Na sexta-feira, 3 de outubro de 2025, a Reuters, por meio da jornalista Debora Ely, trouxe à tona um caso emblemático de fraude digital que evidencia os riscos crescentes do uso de inteligência artificial no mercado brasileiro. Investigadores policiais identificaram que um grupo suspeito de golpistas no Brasil utilizou deepfakes da supermodelo Gisele Bündchen, bem como de outras celebridades, em anúncios no Instagram para aplicar fraudes online, movimentando milhões de reais. A operação, realizada em cinco estados brasileiros, resultou na prisão de quatro suspeitos e no congelamento de ativos, com mais de 20 milhões de reais em fundos suspeitos apontados pelo Conselho de Controle de Atividades Financeiras (COAF), evidenciando a dimensão financeira do esquema.

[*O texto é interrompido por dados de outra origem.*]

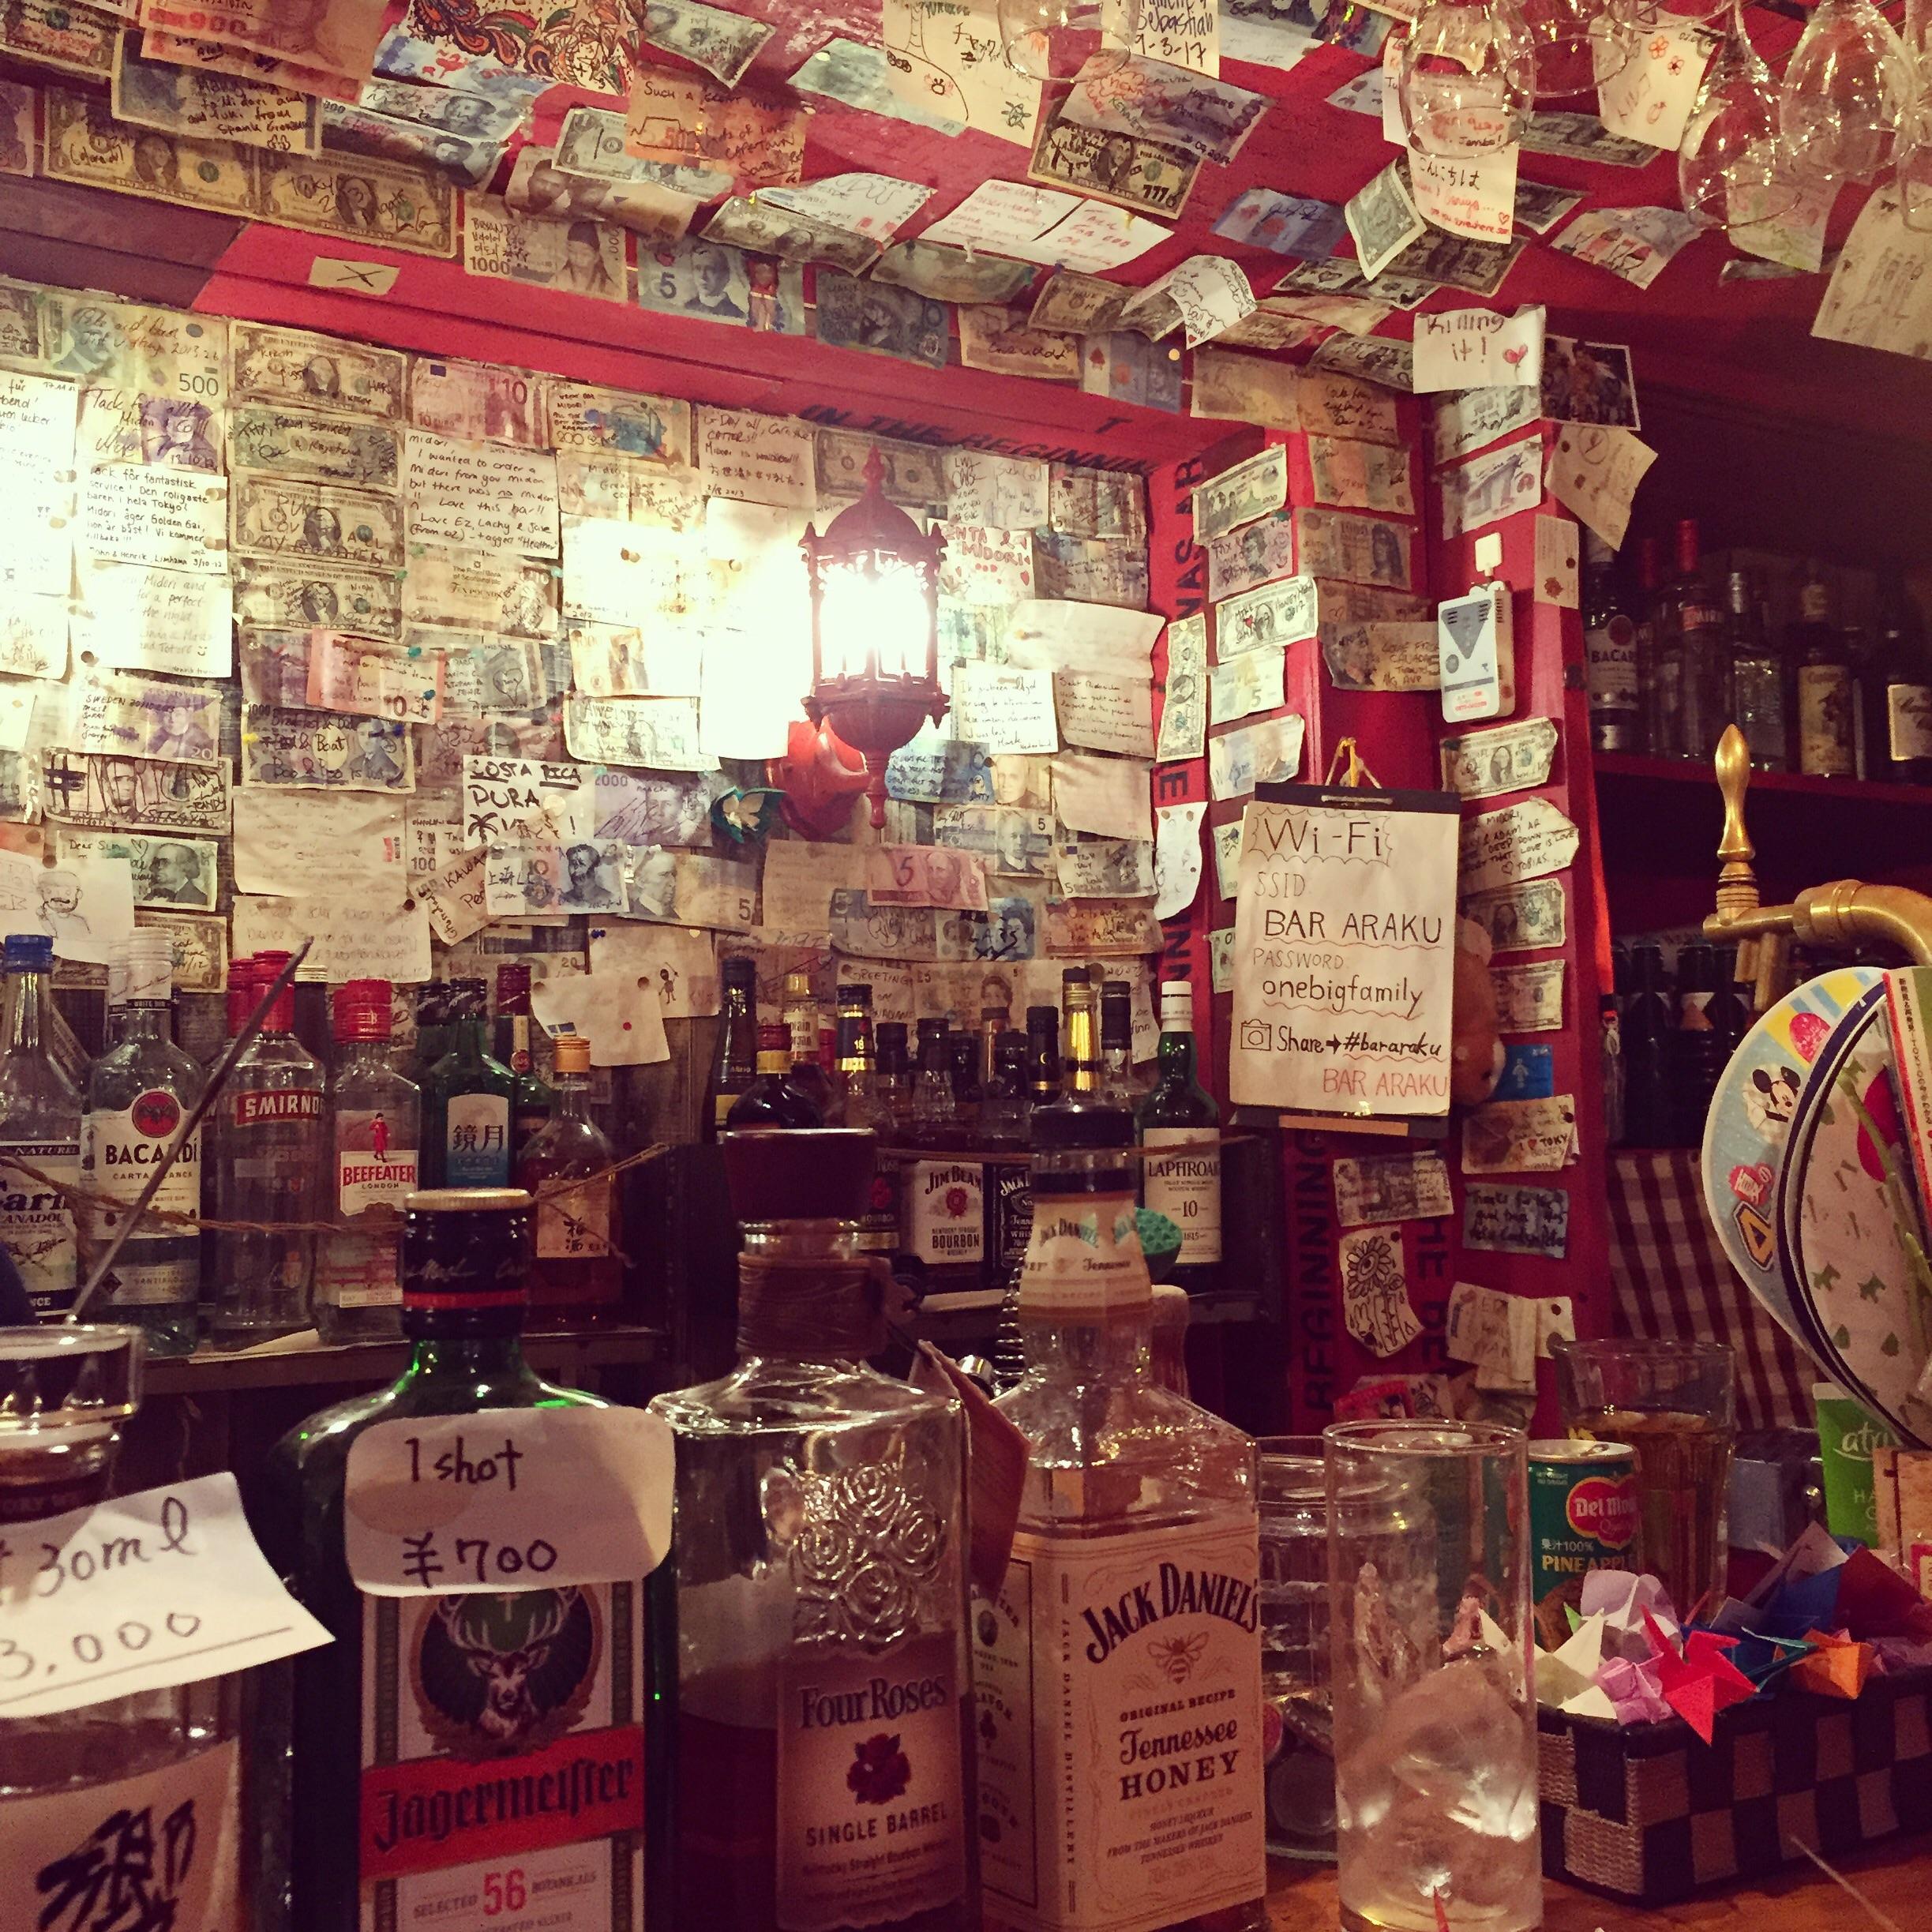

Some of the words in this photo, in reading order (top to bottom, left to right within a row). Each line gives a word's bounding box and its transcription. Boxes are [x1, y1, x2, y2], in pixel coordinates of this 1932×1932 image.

[660, 272, 677, 299] 5
[1451, 338, 1487, 364] it!
[178, 373, 219, 396] 500
[429, 452, 471, 465] wanted
[432, 481, 461, 493] there
[456, 470, 478, 480] from
[439, 498, 466, 510] Love
[477, 503, 501, 513] this
[421, 513, 448, 525] Love
[961, 542, 1024, 565] MIDORI
[1252, 688, 1262, 707] 5
[191, 748, 212, 760] 20
[540, 764, 581, 783] RICA
[468, 784, 540, 808] PURA
[1037, 818, 1046, 831] 5
[1263, 818, 1382, 856] Wi-Fi
[411, 857, 436, 872] 100
[1255, 872, 1306, 898] SSID
[739, 898, 751, 921] 5
[1265, 910, 1326, 939] BAR
[1342, 913, 1442, 943] ARAKU
[1252, 947, 1344, 970] PASSWORD
[1262, 974, 1424, 1019] onebigfamily
[853, 1038, 865, 1049] 18
[1277, 1026, 1325, 1053] Share
[1342, 1031, 1442, 1056] #bararaku
[1323, 1068, 1367, 1097] BAR
[1375, 1072, 1448, 1097] ARAKU
[452, 1124, 504, 1153] 鏡月
[343, 1165, 417, 1187] BEEFEATER
[925, 1170, 949, 1195] JIM
[1183, 1199, 1198, 1217] 10
[932, 1234, 979, 1248] BOURBON
[433, 1435, 523, 1490] shot
[1576, 1499, 1604, 1517] Del
[403, 1531, 558, 1589] ¥700
[1079, 1582, 1158, 1664] JACK
[1159, 1562, 1262, 1634] DANIEL'S
[798, 1685, 868, 1729] Four
[868, 1675, 947, 1720] Roses
[1120, 1701, 1184, 1722] ORIGINAL
[1189, 1689, 1236, 1708] RECIPE
[1120, 1720, 1237, 1765] Tennessee
[1119, 1750, 1240, 1801] HONEY
[806, 1818, 877, 1848] SINGLE
[887, 1801, 947, 1834] BARREL
[414, 1896, 478, 1919] SELECTED
[483, 1867, 527, 1916] 56

O caso representa uma das primeiras iniciativas relevantes no Brasil de enfrentamento ao uso malicioso de ferramentas de inteligência artificial voltadas à manipulação de imagens e vídeos de figuras públicas, sinalizando uma preocupação crescente com a segurança digital no país. A relevância da situação é reforçada pela decisão do Supremo Tribunal Federal, em junho deste ano, que estabeleceu que plataformas de redes sociais podem ser responsabilizadas por anúncios criminosos publicados por usuários, caso não removam rapidamente o conteúdo, mesmo sem ordem judicial. Este posicionamento legal aumenta a pressão sobre empresas como Meta, dona do Instagram, que afirmou possuir políticas explícitas contra anúncios que utilizem figuras públicas de forma enganosa para fraudes, além de sistemas especializados de detecção, equipes de revisão treinadas e ferramentas de denúncia para proteger os usuários.
O impacto desse tipo de fraude vai além do prejuízo financeiro imediato. Segundo relato de Eibert Moreira Neto, chefe da unidade de crimes cibernéticos do Rio Grande do Sul, os golpistas não apenas exploraram a imagem de Bündchen para produtos de skincare, mas também prometeram brindes, como malas, cobrando taxas de envio por itens que jamais chegaram, além de operar falsos sites de apostas e outras fraudes envolvendo celebridades. A investigação destacou que a maioria das vítimas perdeu pequenas quantias, geralmente inferiores a 100 reais, e que, por não registrarem queixas, criaram uma espécie de “imunidade estatística” para os criminosos, permitindo que operassem em larga escala sem temor de represálias legais.
A orientação do time de Gisele Bündchen para os consumidores é clara: deve-se ter cautela diante de anúncios com descontos aparentemente incomuns, verificar a autenticidade das ofertas por canais oficiais das marcas ou celebridades e denunciar possíveis fraudes às autoridades competentes. Este alerta reforça a necessidade de atenção redobrada por parte de investidores, empreendedores e usuários de plataformas digitais, pois crimes de natureza cibernética têm impacto direto na confiança do mercado e na estabilidade econômica digital, com potencial de afetar desde pequenas transações até grandes operações financeiras envolvendo pagamentos online e e-commerce.
Para o setor financeiro, este caso serve como um alerta crítico sobre o uso de tecnologias emergentes para manipulação de percepções e a importância de ferramentas de compliance digital, auditoria de transações e monitoramento de riscos cibernéticos. O incidente reforça que fraudes online, mesmo aparentemente de pequeno valor, podem gerar prejuízos significativos quando praticadas em larga escala, tornando indispensável a conscientização e a educação digital tanto para consumidores quanto para investidores. A operação exemplifica como a convergência entre inteligência artificial, redes sociais e crimes cibernéticos exige respostas rápidas e integradas das autoridades e do setor privado, assegurando que o crescimento digital não comprometa a segurança financeira e a credibilidade do mercado brasileiro.